10. Café Crème, France
Literally meaning “cream coffee,” the café crème is an espresso-based drink that, per its name, should be topped with frothed cream, though some establishments prepare it with milk..
11. Frappé, Greece
While unfiltered Greek coffee is often likened to the aforementioned Turkish coffee, we’re going to give a shout out to the frappé. This frothy, made-to-order iced beverage is comprised of instant coffee, sugar, and milk.
12. Dalgona Coffee, Korea
You might have noticed this whipped coffee concoction in your Instagram feed as it went viral during COVID-19 quarantine. This starts with a combo of instant coffee, sugar, and hot water that’s mixed until creamy then poured into a glass of milk that’s filled with ice. If you want to partake in the social media fun, give this New York Times recipe a try.

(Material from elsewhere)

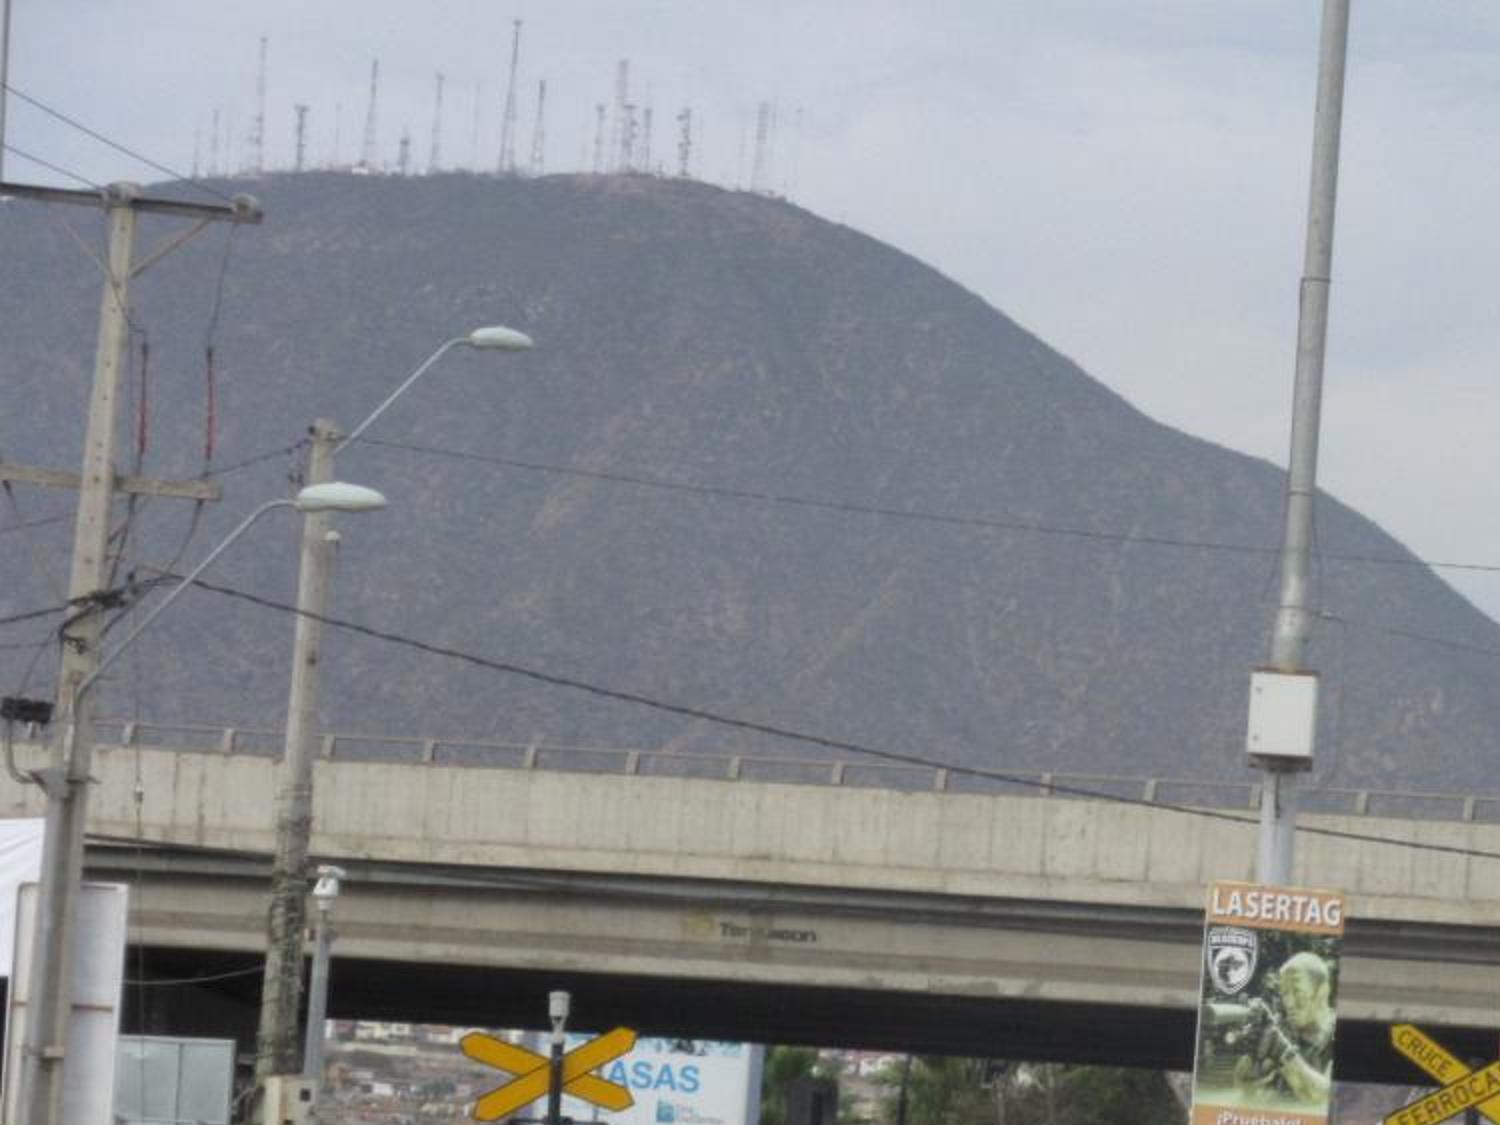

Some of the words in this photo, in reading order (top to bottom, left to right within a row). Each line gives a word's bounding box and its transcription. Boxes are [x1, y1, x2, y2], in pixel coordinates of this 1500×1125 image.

[1213, 887, 1341, 926] LASERTAG
[1400, 1030, 1450, 1078] CRUCE
[606, 1060, 700, 1093] ASAS

13. Cà Phê Sữa Đá, Vietnam
Made from a metal Vietnamese coffee filter device, cà phê sữa đá also contains a few tablespoons of sweetened condensed milk at the bottom of the glass.
14. Kopi Joss, Indonesia
This sweetened black coffee is finished with a piece of blazing hot charcoal, which neutralizes the acidity. It’s quite a sight to behold: the charcoal drops and the coffee sizzles. At times, it may even bubble over.
15. Yuanyang, Hong Kong
Served hot or cold, the yuanyang couples filtered black coffee with sweetened milk tea and is one of the city’s most popular drinks. It’s also found in Malaysia where it’s called kopi cham.
16. Flat White, Australia or New Zealand
Believed to have originated in Sydney, Australia, it’s not uncommon to see the Flat White on offer at coffee shops around the world. Similar to a latte, the espresso-based drink contains significantly less milk. It’s topped with a micro-foam that’s much thinner than the crown of a typical latte.
17. Café Lagrimá, Argentina
Lagrima, the Spanish word for “tear,” is a fitting descriptor for just how much espresso is in the cup: the drink is ultimately a glass of frothy milk with a drop of espresso.
18. Mazagran, Portugal
This iced coffee originated in Algeria and is sweetened and may even be served with lemon. It’s often accomampined by water that you can pour in to dilute the coffee, should it be too strong.